On stage were Ed Moses, silver-haired and bearded in a wheelchair; Larry Bell, cowboy-hatted and crusty; Ed Ruscha, first dour and then amused by his peers' ‘alternate facts’; and provocateur Billy Al Bengston in a floral jean jacket. (Only Robert Irwin, the beloved watercolour teacher at Chouinard, the pre-cursor to CalArts, was a no-show, due to back problems.) In the star-studded audience, Irving Blum, a director of the late, great Ferus Gallery, stood up to respond to Ruscha's query about how much Andy Warhol’s soup cans actually went for ($100).
These rock stars of art tripped over one another to wittily dispute memories as waves of laughter rippled through the packed house. Times were frugal. Their parents were worried. Of his practical decision to paint, despite working under the tutelage of ceramist Peter Voulkos, Bengston said, ‘You got more money for a painting than for a pot.’
Ed Ruscha (left) and Billy Al Bengston trade quips
Back in the 1960s they all had day or seasonal jobs that informed their practice. Ruscha worked personalising gift items (like a Ma and Pa Chopper Hopper false-teeth holder) and saw the power words could have. Bell worked in a frame shop and saw the power cheap, perfect glass and mirror could have.

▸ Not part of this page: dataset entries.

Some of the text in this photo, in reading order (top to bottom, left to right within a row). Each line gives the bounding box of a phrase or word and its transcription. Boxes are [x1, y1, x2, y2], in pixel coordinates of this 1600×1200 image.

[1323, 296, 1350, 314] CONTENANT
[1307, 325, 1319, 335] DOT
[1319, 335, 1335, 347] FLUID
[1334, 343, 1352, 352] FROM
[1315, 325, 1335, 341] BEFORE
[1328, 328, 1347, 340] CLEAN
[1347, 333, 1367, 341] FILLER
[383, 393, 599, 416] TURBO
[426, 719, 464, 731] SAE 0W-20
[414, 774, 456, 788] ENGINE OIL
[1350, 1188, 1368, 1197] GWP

Bengston raced motorcycles and learned how air-brushing techniques could be applied to canvas. (He also helped cut and stretch Warhol’s silver Elvis series, which arrived at Ferus in a roll since it was ‘cheaper to ship that way’.) Bell welcomed 'three ‘suits’ to his studio, only to learn, belatedly, that Marcel Duchamp, having a retrospective at the Pasadena Art Museum, was among them. (‘Marcel, didn’t you do something like that,’ said one suit, blowing his cover).
The four legendary art icons regaled the audience with personal tales
Of Ed Kienholz, the founder of Ferus Gallery, Moses recalled, 'Kienholz was always sitting on his haunches, cleaning guns.’ Working in New York did not appeal. ‘Our hair froze,’ said Bengston.

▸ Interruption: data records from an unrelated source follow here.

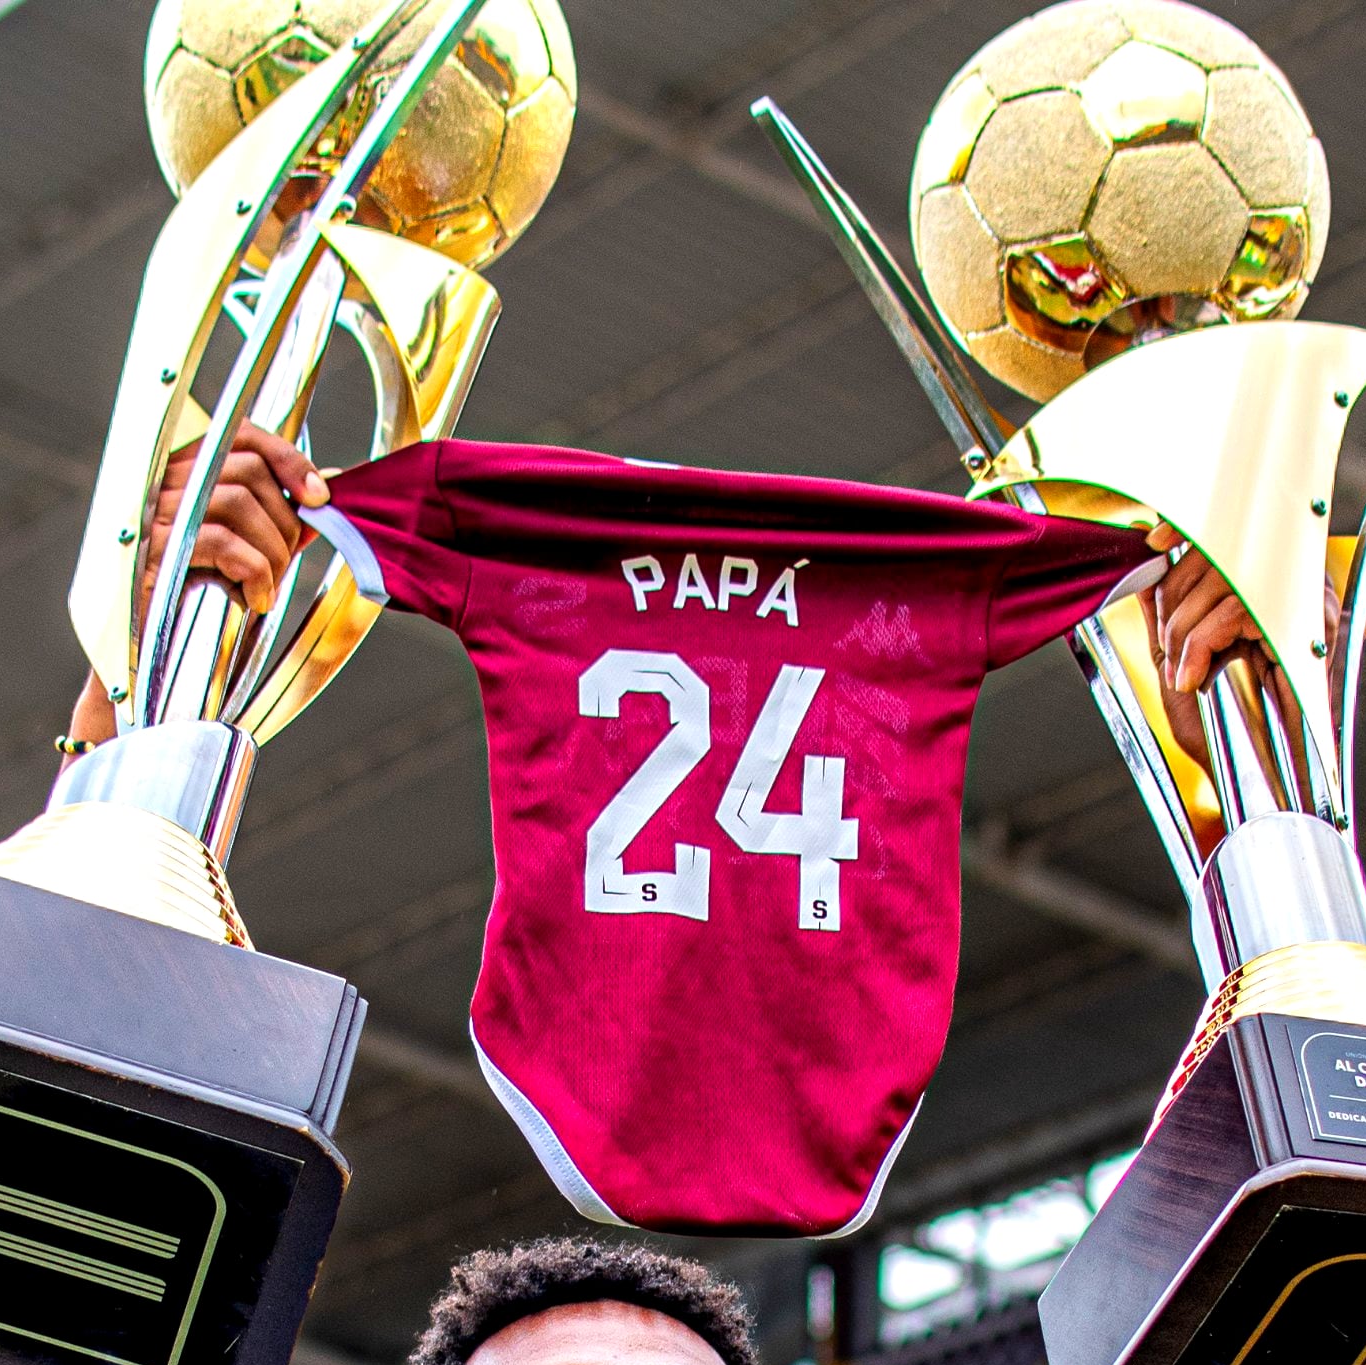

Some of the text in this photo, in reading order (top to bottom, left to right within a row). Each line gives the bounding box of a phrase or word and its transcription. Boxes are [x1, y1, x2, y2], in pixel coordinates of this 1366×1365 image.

[621, 553, 810, 627] PAPÁ
[578, 648, 859, 931] 24
[641, 883, 658, 902] S
[812, 899, 828, 919] S
[1335, 1059, 1356, 1073] AL

‘I didn’t have it in me to live in that city,’ said Ruscha, reminiscing about hitching to the Big Apple with Joe Goode. ‘California was sparkly. Chicks in cars.’ Warhol saw Ruscha’s first book on LA gas stations and said, ‘I love it. There’s no people there.’ And on it went, playfully stage-managed by moderator Hunter Drohojowska-Philp, who wrote the excellent history, Rebels in Paradise, on this period.

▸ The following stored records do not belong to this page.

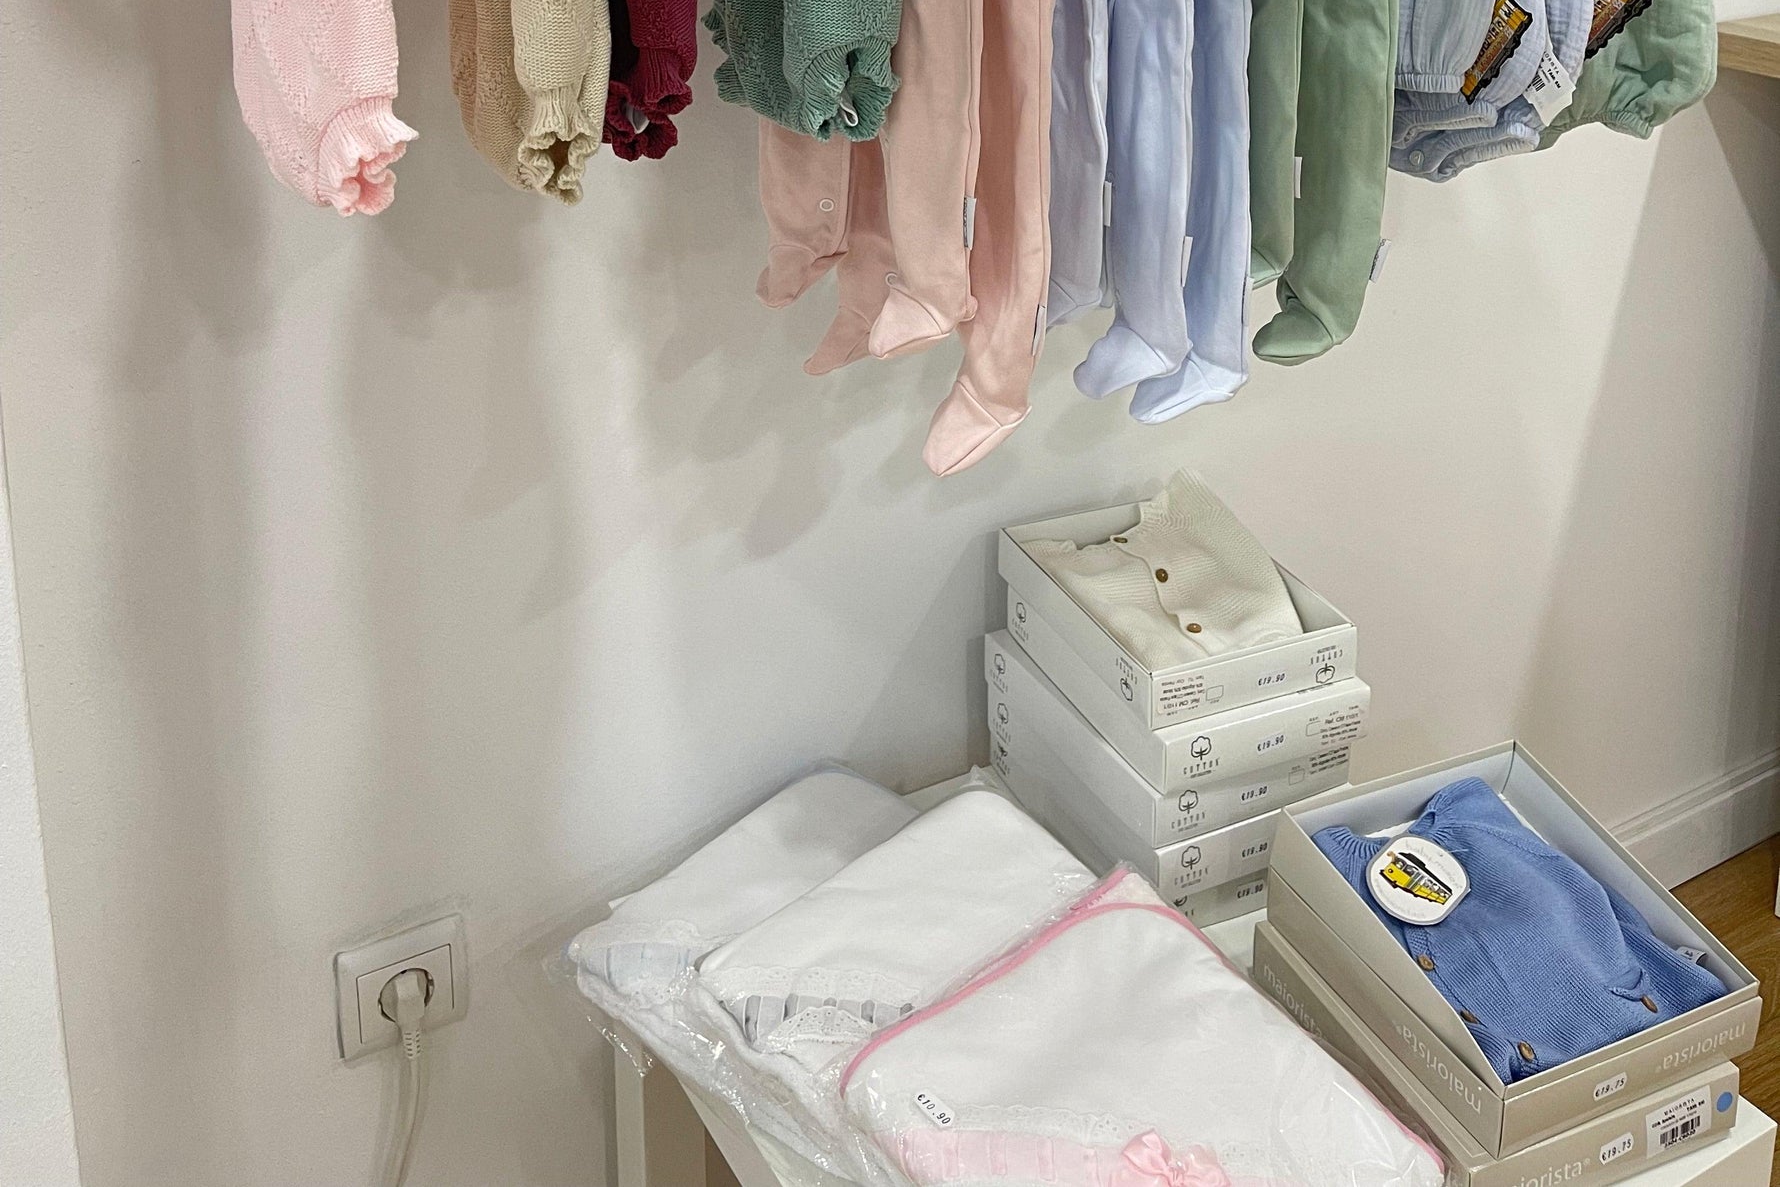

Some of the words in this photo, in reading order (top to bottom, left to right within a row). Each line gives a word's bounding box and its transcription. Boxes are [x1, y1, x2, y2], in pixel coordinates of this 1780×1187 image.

[1258, 673, 1286, 686] €19.90
[1257, 735, 1284, 752] €19.90
[1183, 758, 1220, 775] COTTON
[1241, 786, 1268, 801] €19.90
[1171, 811, 1205, 829] COTTON
[1241, 842, 1268, 858] €19.90
[1174, 866, 1208, 886] COTTON
[1237, 884, 1264, 899] €19.90
[1595, 1078, 1625, 1098] €19.75
[917, 1093, 951, 1125] €10.90
[1601, 1139, 1632, 1162] €19.75

From left, Ed Moses, Larry Bell, moderator Hunter Drohojowska-Philp, Ed Ruscha, and Billy Al Bengston
It was, in the end, a ‘guy’ night. (One hopes this will be addressed in the next Sotheby’s-Broad collaboration scheduled for autumn.) The men invoked Eve Babitz, but only as the woman who played chess with Duchamp ‘buck naked’ at his retrospective. Nevertheless, it was a thrill to have these artists assembled in one place – all are still practicing and exhibiting – to remind us of the important role of Los Angeles in the counter-narrative to east coast abstract expressionism.